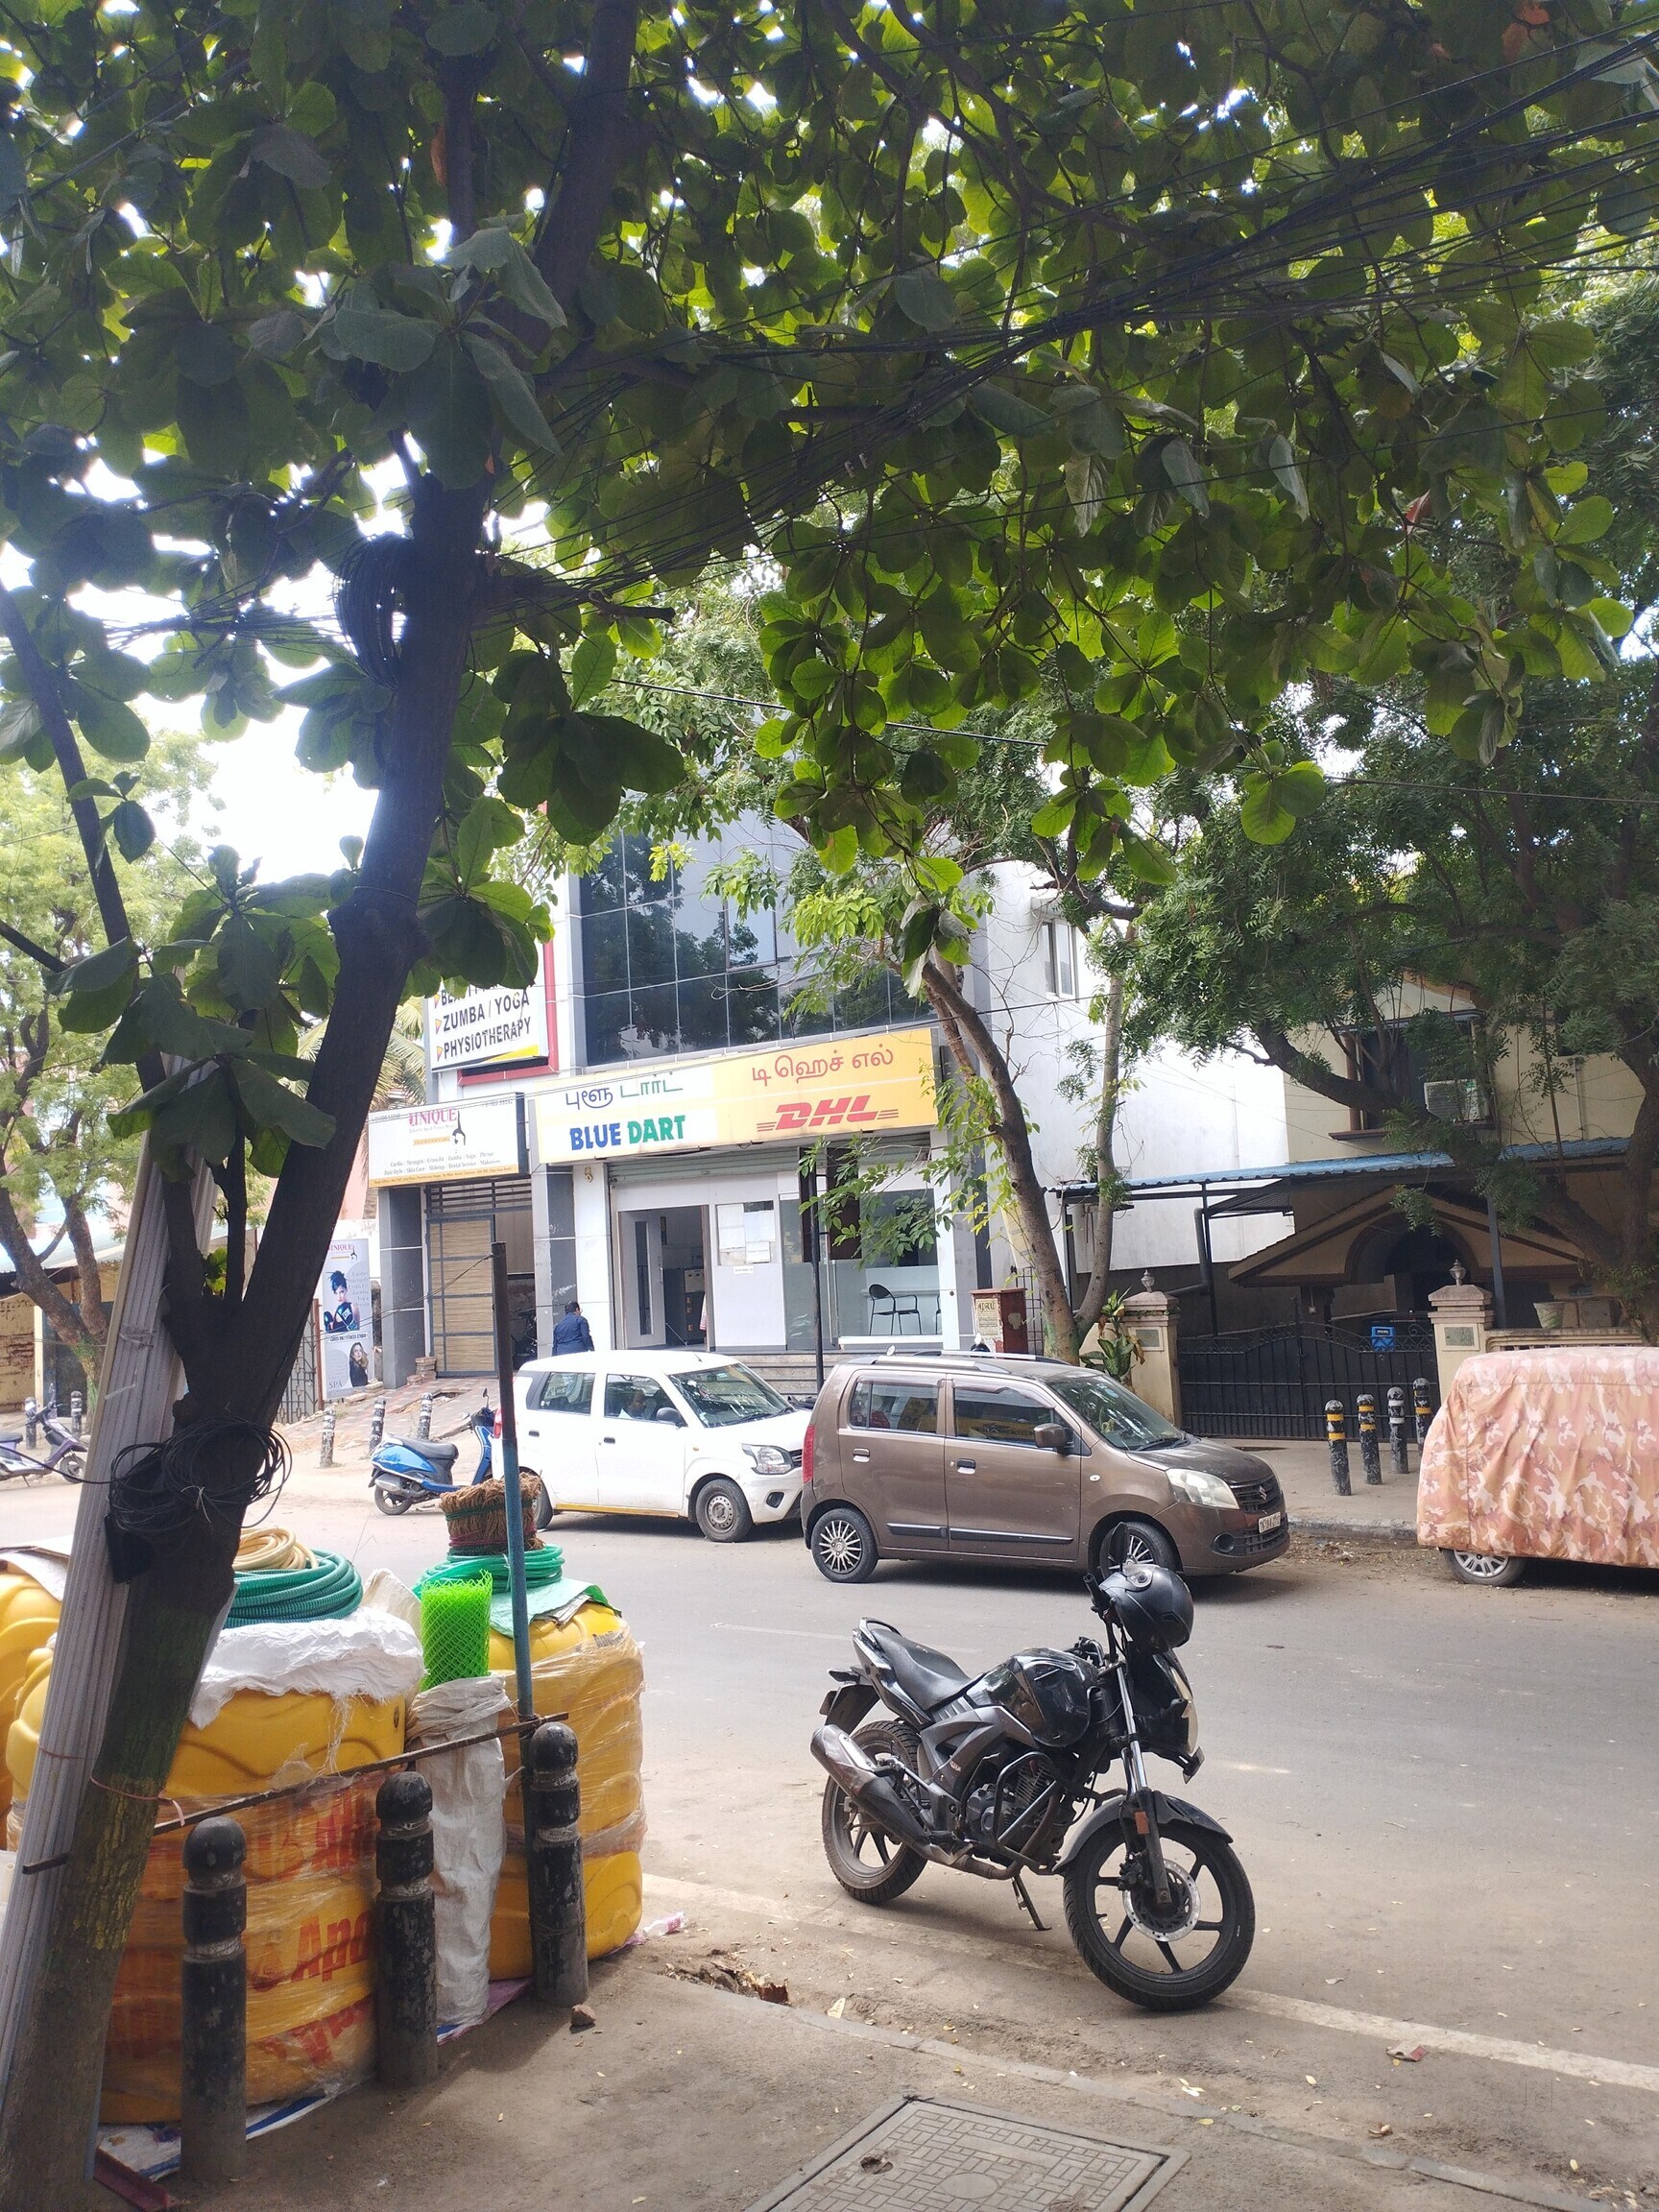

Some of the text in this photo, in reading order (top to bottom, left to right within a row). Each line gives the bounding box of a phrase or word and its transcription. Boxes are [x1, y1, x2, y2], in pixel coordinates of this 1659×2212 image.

[443, 1003, 485, 1032] ZUMBA
[494, 989, 530, 1015] YOGA
[444, 1016, 531, 1059] PHYSIOTHERAPY
[752, 1068, 772, 1087] டி
[852, 1043, 894, 1069] எல்
[408, 1108, 457, 1126] UNIQUE
[569, 1115, 685, 1151] BLUE DART
[775, 1094, 878, 1131] DHL
[291, 1910, 371, 1983] Apo
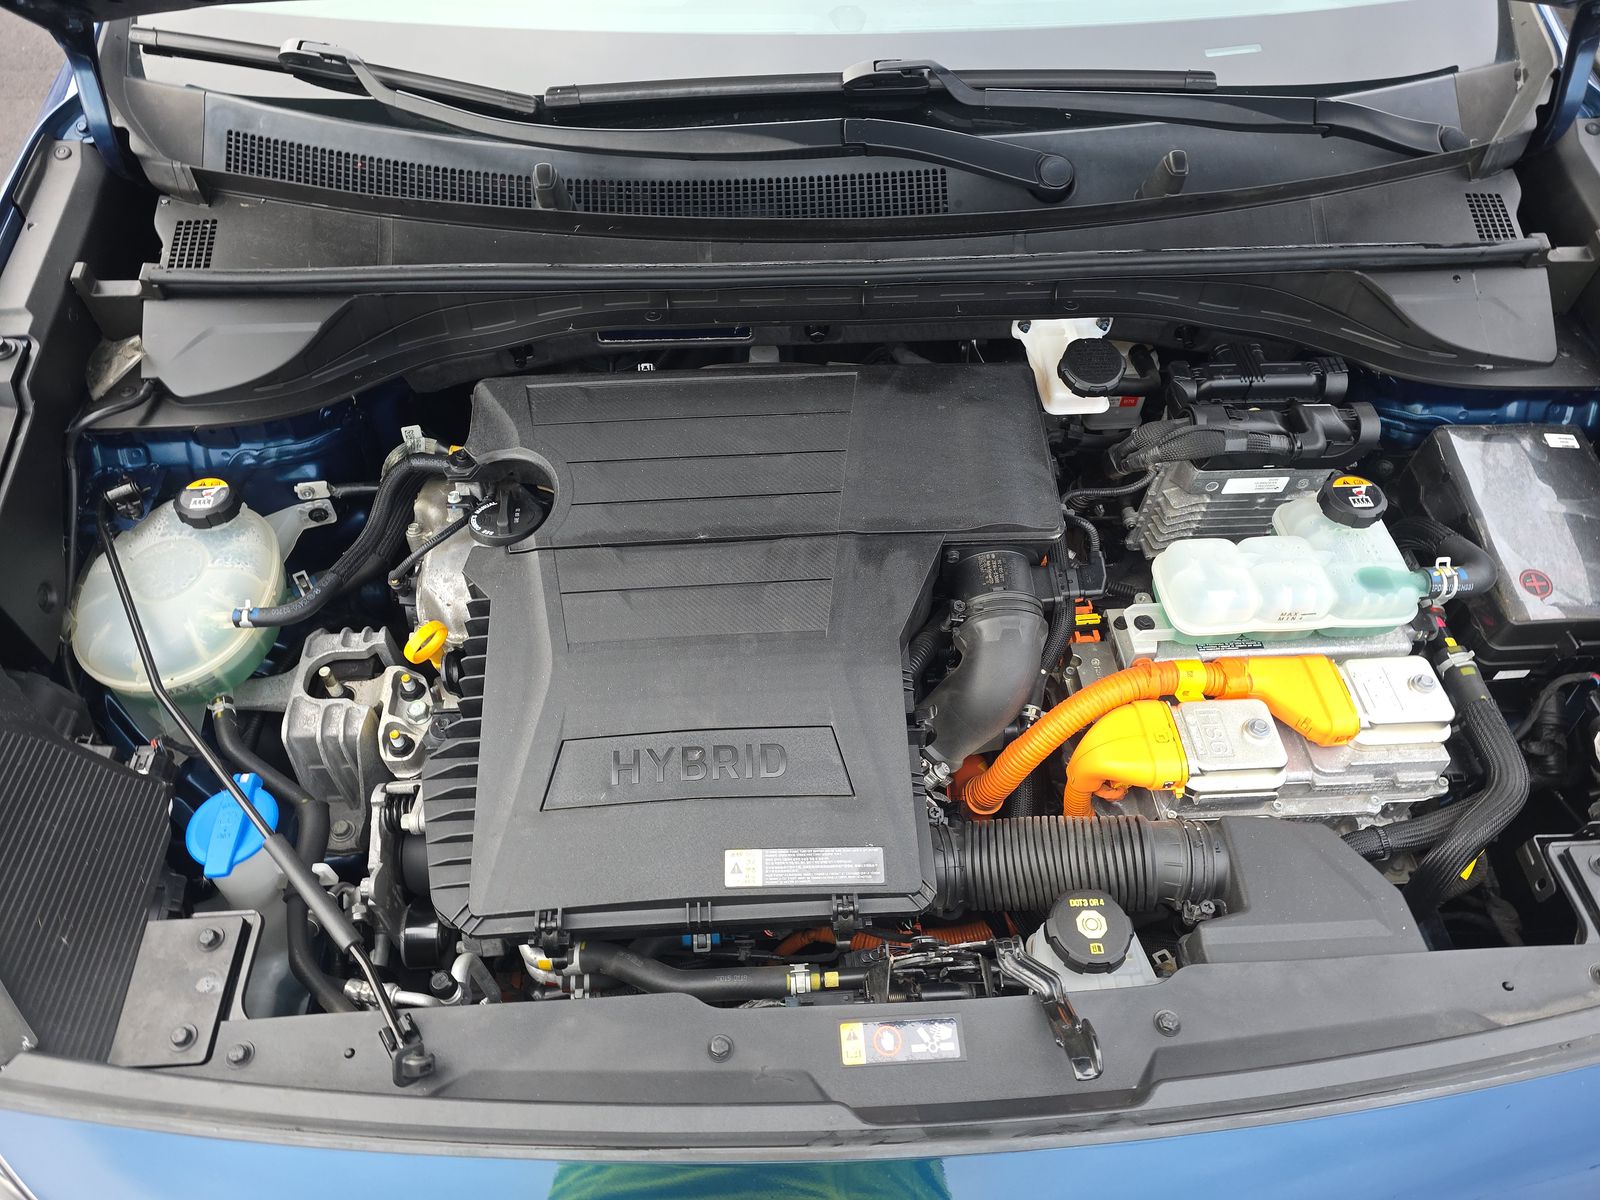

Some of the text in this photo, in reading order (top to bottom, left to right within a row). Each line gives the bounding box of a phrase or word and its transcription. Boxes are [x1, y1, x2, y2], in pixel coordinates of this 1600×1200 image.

[474, 502, 498, 514] MANUAL
[1199, 709, 1228, 753] HSG
[611, 743, 788, 786] HYBRID
[1069, 898, 1089, 907] DOT3
[1089, 898, 1099, 906] OR
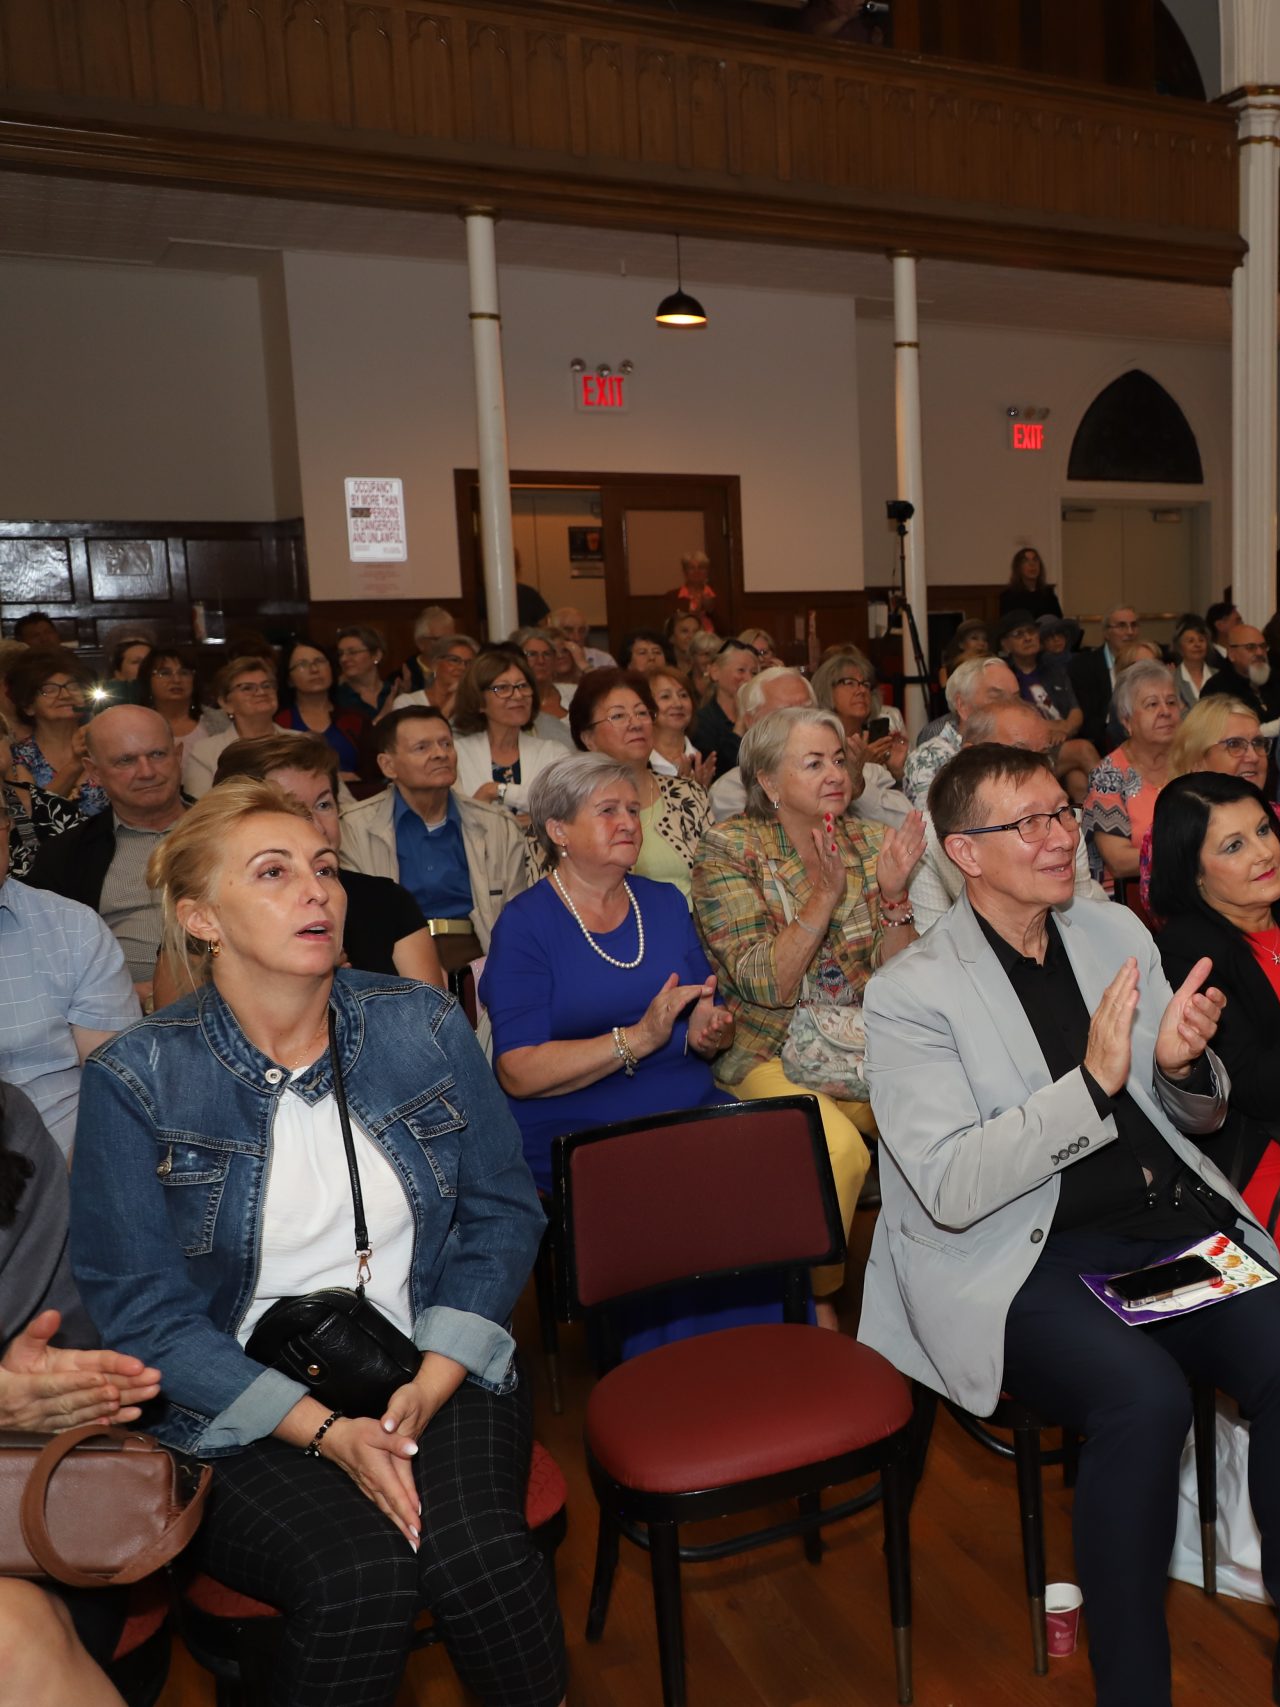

----

• **WHAT YOU SHOULD DO**
Starting at the line that contains "this 1600×1200 image.", write out every line through the end of the entries, both ends included, without any pictures.

• **OUTPUT**
Some of the text in this photo, in reading order (top to bottom, left to right within a row). Each line gives the bounding box of a phrase or word and its transcription. Boxes are [x1, y1, x2, y2], in pixel coordinates of this 1600×1200 image.

[474, 502, 498, 514] MANUAL
[1199, 709, 1228, 753] HSG
[611, 743, 788, 786] HYBRID
[1069, 898, 1089, 907] DOT3
[1089, 898, 1099, 906] OR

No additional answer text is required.